**Assignment**
Exact copy, no pictures: return all the data below as written.

**Study material**
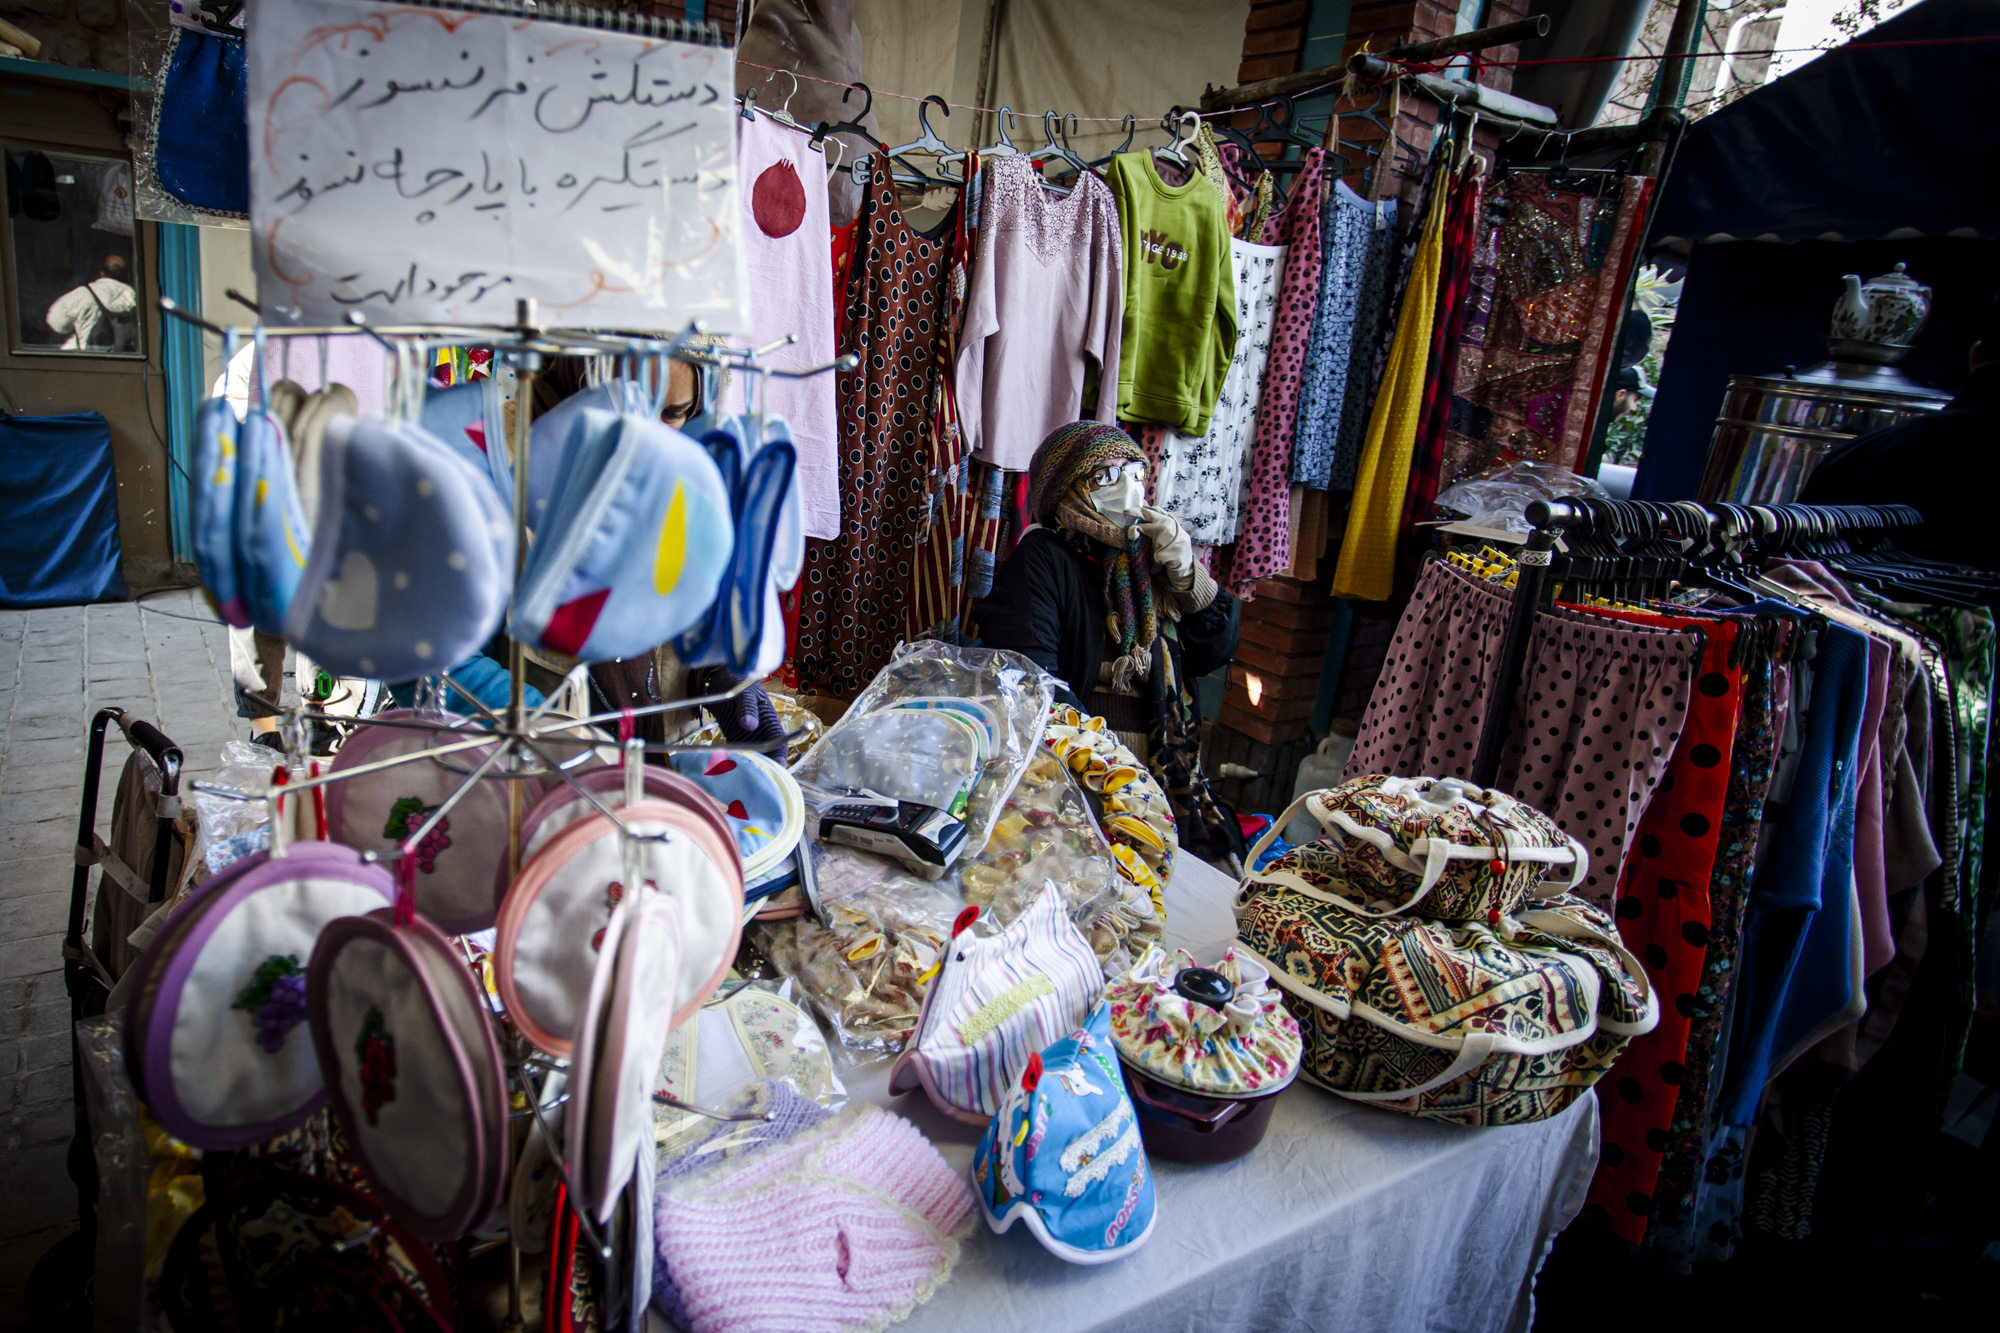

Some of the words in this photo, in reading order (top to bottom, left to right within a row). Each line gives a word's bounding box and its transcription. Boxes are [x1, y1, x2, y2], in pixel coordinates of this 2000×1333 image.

[322, 48, 485, 116] نسوز
[535, 42, 719, 134] دستکش
[274, 150, 365, 216] نسوز
[374, 147, 506, 225] پارچه
[517, 157, 538, 208] با
[556, 120, 727, 214] دستگیره
[330, 252, 418, 304] است
[1140, 239, 1164, 255] TAGE
[1165, 247, 1189, 261] 1938
[422, 265, 514, 315] موجود
[1105, 1184, 1139, 1247] SHOW

**Output for this task**
Some of the words in this photo, in reading order (top to bottom, left to right within a row). Each line gives a word's bounding box and its transcription. Boxes are [x1, y1, x2, y2], in pixel coordinates of this 2000×1333 image.

[322, 48, 485, 116] نسوز
[535, 42, 719, 134] دستکش
[274, 150, 365, 216] نسوز
[374, 147, 506, 225] پارچه
[517, 157, 538, 208] با
[556, 120, 727, 214] دستگیره
[330, 252, 418, 304] است
[1140, 239, 1164, 255] TAGE
[1165, 247, 1189, 261] 1938
[422, 265, 514, 315] موجود
[1105, 1184, 1139, 1247] SHOW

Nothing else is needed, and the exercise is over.